– Praca w mundurze to było moje marzenie – przyznaje pani Milena, która w czwartek wraz z grupą nowo przyjętych celników złożyła ślubowanie. Czeka ją służba na przejściu kolejowym w Terespolu. Na początek dostanie 3 tys. zł na rękę.
Po trwającej kilka miesięcy rekrutacji, Izba Administracji Skarbowej w Lublinie przyjęła 135 nowych funkcjonariuszy. 65 z nich pracować będzie w oddziale w Białej Podlaskiej, 35 w Lublinie i tyle samo w Zamościu.
– Trafią oni głównie na przejścia graniczne oraz do komórek zajmujących się zwalczaniem przestępczości – precyzuje Aneta Mierzwa, zastępca dyrektora do spraw personalnych w lubelskiej IAS.
W czwartek grupa nowych celników złożyła ślubowanie w Białej Podlaskiej.
– Praca w mundurze była moim marzeniem. To dla mnie zaszczyt. Ważne też, że to stała, państwowa posada – przyznaje pani Milena z Małaszewicz. Docelowo, ma służyć na przejściu kolejowym w Terespolu. – Jestem już po praktykach. Mniej więcej wiem, co mnie czeka. Służba jest wymagająca. To ciągłe szkolenia.
Do ogłoszonego jesienią ubiegłego roku naboru przystąpiło 700 osób. Proces rekrutacji był pięcioetapowy i obejmował m.in. testy wiedzy, psychologiczne, kompetencyjne i ze sprawności fizycznej.
– Ja dostałam się za pierwszym razem, ale wiem, że niektórzy próbują po kilka razy – dodaje pani Milena.
Kandydaci odpadają na różnych etapach naboru.
– Najwięcej z reguły na teście psychologicznym – zdradza Aneta Mierzwa. Nowych funkcjonariuszy czeka teraz 2–letnia służba przygotowawcza. – Odbywają wtedy zasadniczy kurs zawodowy. Uczą się m.in. strzelać, poznają techniki interwencyjne, zdają egzaminy i otrzymują opinie służbowe. Na koniec są mianowani do służby stałej – wskazuje zastępca dyrektora do spraw personalnych. Przez te dwa lata służby przygotowawczej funkcjonariusze mogą liczyć na zarobki nieco powyżej 3 tys. zł na rękę. Do tego dochodzi jeszcze „trzynastka”.
Niewykluczone, że przed wakacjami ogłoszony będzie kolejny nabór. – W tym roku mamy sporo odejść na emeryturę, stąd to zapotrzebowanie – tłumaczy Mierzwa. A na emeryturę można odejść już po 25 latach służby.

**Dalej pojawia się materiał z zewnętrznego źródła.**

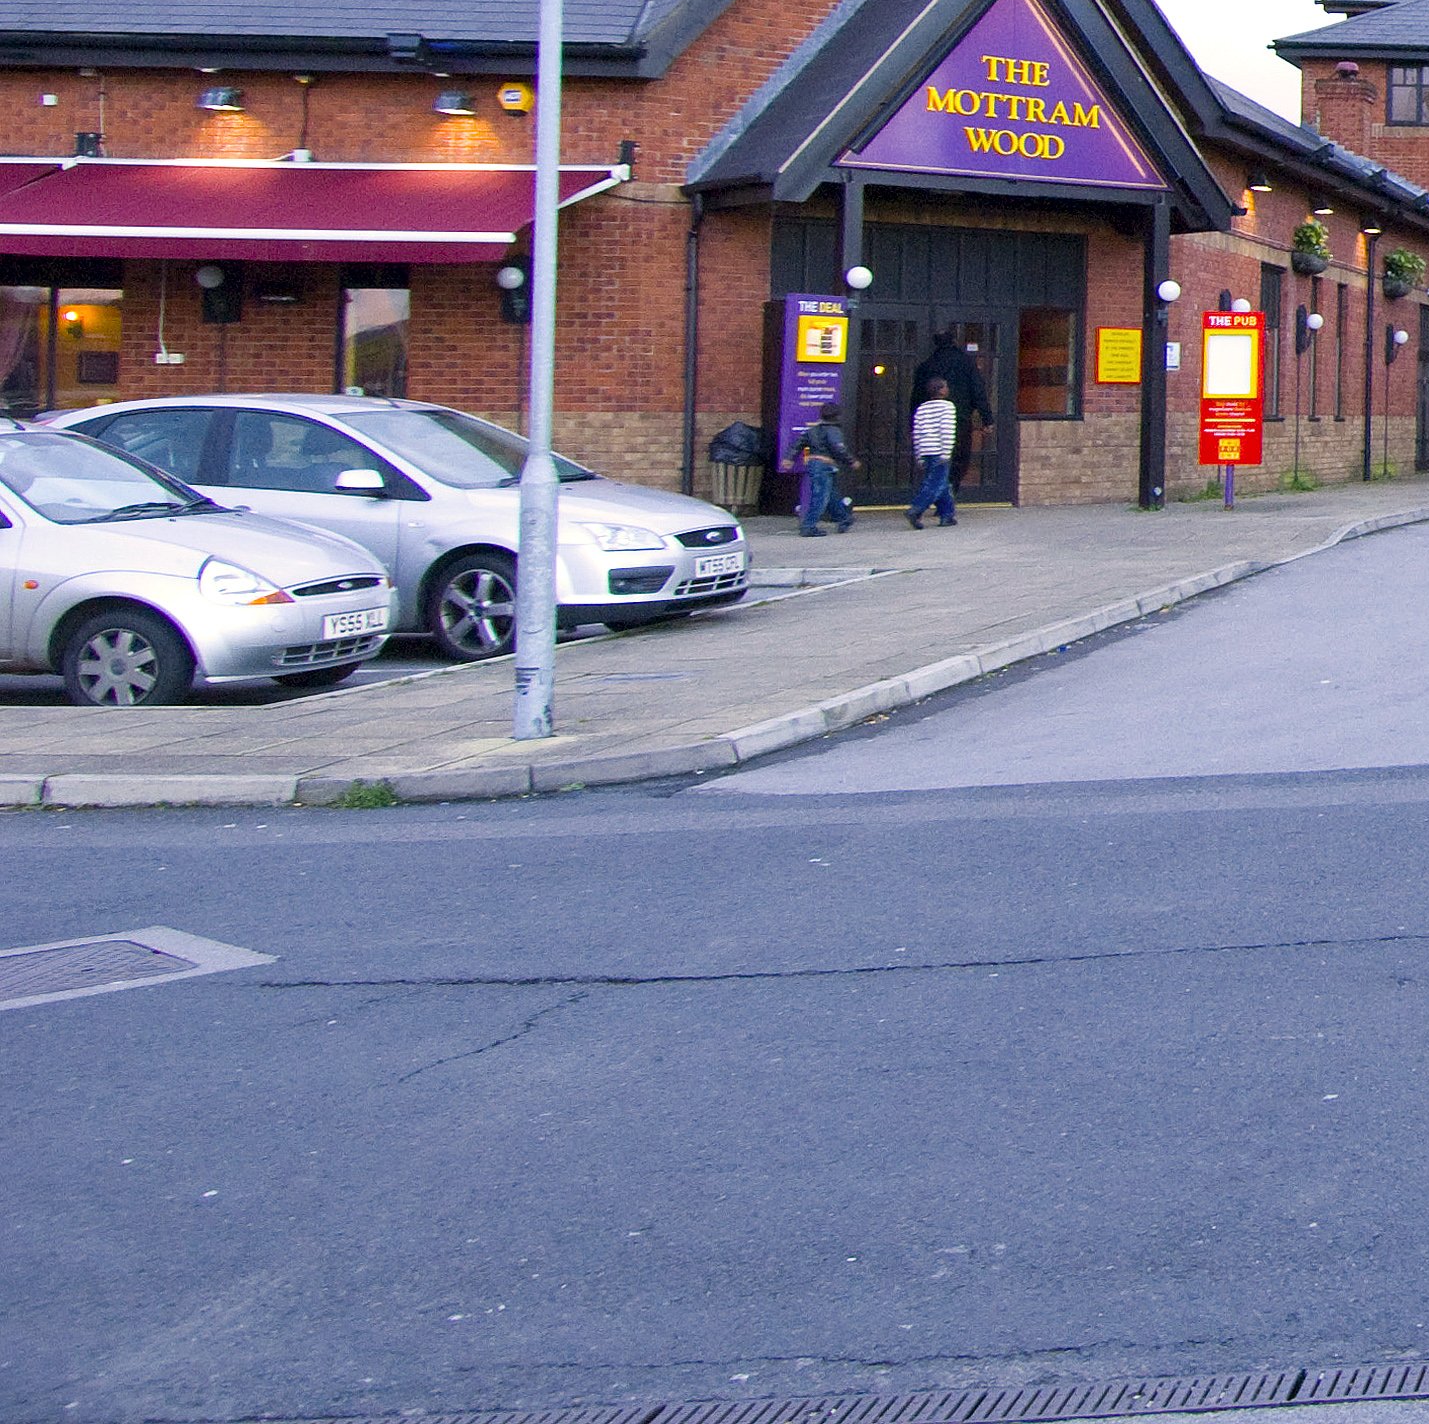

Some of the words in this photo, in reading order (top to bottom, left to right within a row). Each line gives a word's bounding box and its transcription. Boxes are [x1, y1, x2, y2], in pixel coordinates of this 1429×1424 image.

Przypomnijmy, że Lubelski Urząd Celno–Skarbowy w Białej Podlaskiej to największa taka jednostka w Polsce. Obsługuje 12 przejść granicznych i zatrudnia 2 tys. funkcjonariuszy.
– Przejścia w naszym województwie, zwłaszcza towarowe mają strategiczne znaczenie dla państwa. Na każdej zmianie odprawiamy setki TIR–ów– podkreśla inspektor Krzysztof Guściora, naczelnik UCS w Białej Podlaskiej. Pomimo wzmożonych kontroli, przemyt na przejściach nadal ma się dobrze. – Co prawda jego poziom jest niższy, ale świat przestępczy ma nowe metody wobec naszych również nowych metod zwalczania. Ostatnio na przykład, celnicy odkryli przemyt papierosów w paletach, czyli wewnątrz desek – wskazuje Guściora.
Oprócz papierosów, które dominują, coraz częściej przemycana jest elektronika z Chin. W jej wykrywaniu celnikom pomagają specjalne rentgeny i przeszkolone do tego psy.
W czwartek, po ślubowaniu nowych funkcjonariuszy, w bialskim urzędzie otwarto też salę historii celnictwa z licznymi eksponatami. To pierwsze takie miejsce w województwie.